## Required action:
For this exercise, retype every record below exactly and keep the pictures out.

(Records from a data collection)
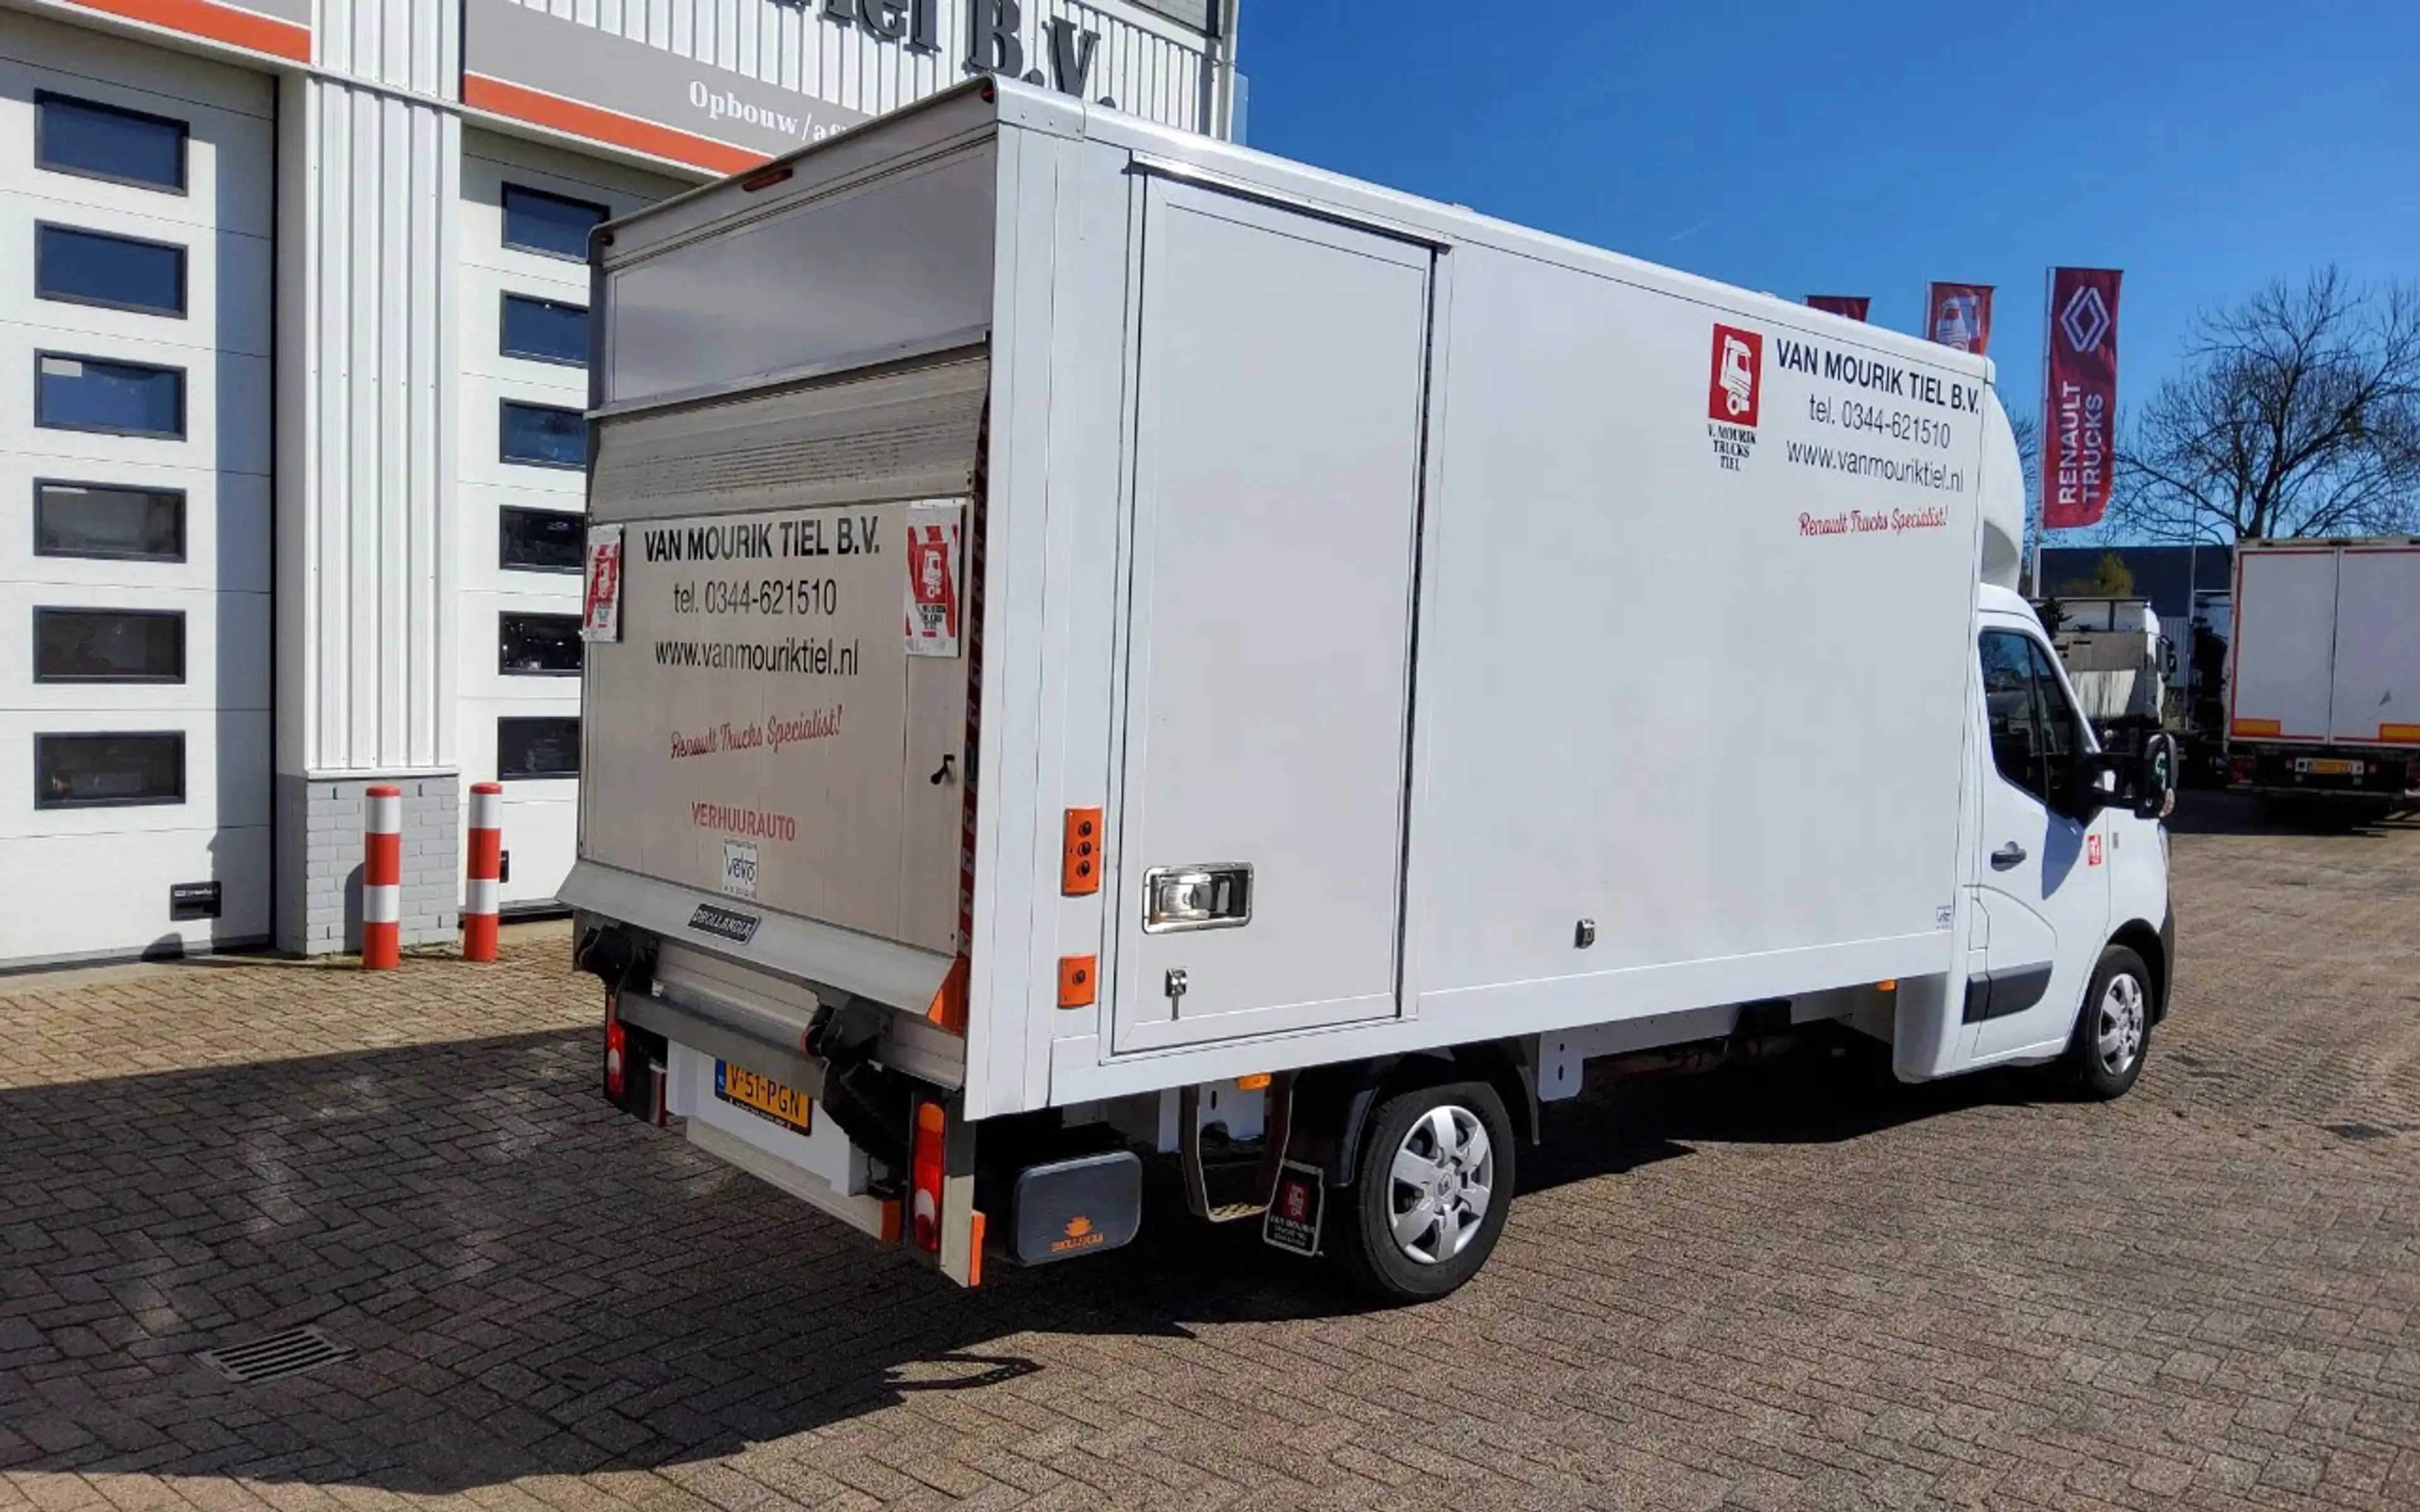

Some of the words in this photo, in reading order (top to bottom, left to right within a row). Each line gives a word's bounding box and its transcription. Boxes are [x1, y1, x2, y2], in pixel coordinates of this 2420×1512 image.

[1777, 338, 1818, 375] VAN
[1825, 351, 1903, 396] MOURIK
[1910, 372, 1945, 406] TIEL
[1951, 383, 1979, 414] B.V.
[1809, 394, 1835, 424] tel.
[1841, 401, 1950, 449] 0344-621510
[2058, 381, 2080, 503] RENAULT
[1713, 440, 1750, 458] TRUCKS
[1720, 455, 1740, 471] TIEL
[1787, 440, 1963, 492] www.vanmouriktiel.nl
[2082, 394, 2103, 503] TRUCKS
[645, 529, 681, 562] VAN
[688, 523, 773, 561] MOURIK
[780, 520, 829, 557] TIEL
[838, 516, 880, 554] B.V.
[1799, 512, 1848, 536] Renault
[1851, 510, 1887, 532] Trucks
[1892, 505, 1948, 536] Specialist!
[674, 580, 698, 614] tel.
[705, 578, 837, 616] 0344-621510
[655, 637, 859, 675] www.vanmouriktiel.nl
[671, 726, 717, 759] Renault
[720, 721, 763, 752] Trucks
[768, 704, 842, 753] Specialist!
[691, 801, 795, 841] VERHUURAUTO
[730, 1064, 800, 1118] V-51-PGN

## The completed task:
Some of the words in this photo, in reading order (top to bottom, left to right within a row). Each line gives a word's bounding box and its transcription. Boxes are [x1, y1, x2, y2], in pixel coordinates of this 2420×1512 image.

[1777, 338, 1818, 375] VAN
[1825, 351, 1903, 396] MOURIK
[1910, 372, 1945, 406] TIEL
[1951, 383, 1979, 414] B.V.
[1809, 394, 1835, 424] tel.
[1841, 401, 1950, 449] 0344-621510
[2058, 381, 2080, 503] RENAULT
[1713, 440, 1750, 458] TRUCKS
[1720, 455, 1740, 471] TIEL
[1787, 440, 1963, 492] www.vanmouriktiel.nl
[2082, 394, 2103, 503] TRUCKS
[645, 529, 681, 562] VAN
[688, 523, 773, 561] MOURIK
[780, 520, 829, 557] TIEL
[838, 516, 880, 554] B.V.
[1799, 512, 1848, 536] Renault
[1851, 510, 1887, 532] Trucks
[1892, 505, 1948, 536] Specialist!
[674, 580, 698, 614] tel.
[705, 578, 837, 616] 0344-621510
[655, 637, 859, 675] www.vanmouriktiel.nl
[671, 726, 717, 759] Renault
[720, 721, 763, 752] Trucks
[768, 704, 842, 753] Specialist!
[691, 801, 795, 841] VERHUURAUTO
[730, 1064, 800, 1118] V-51-PGN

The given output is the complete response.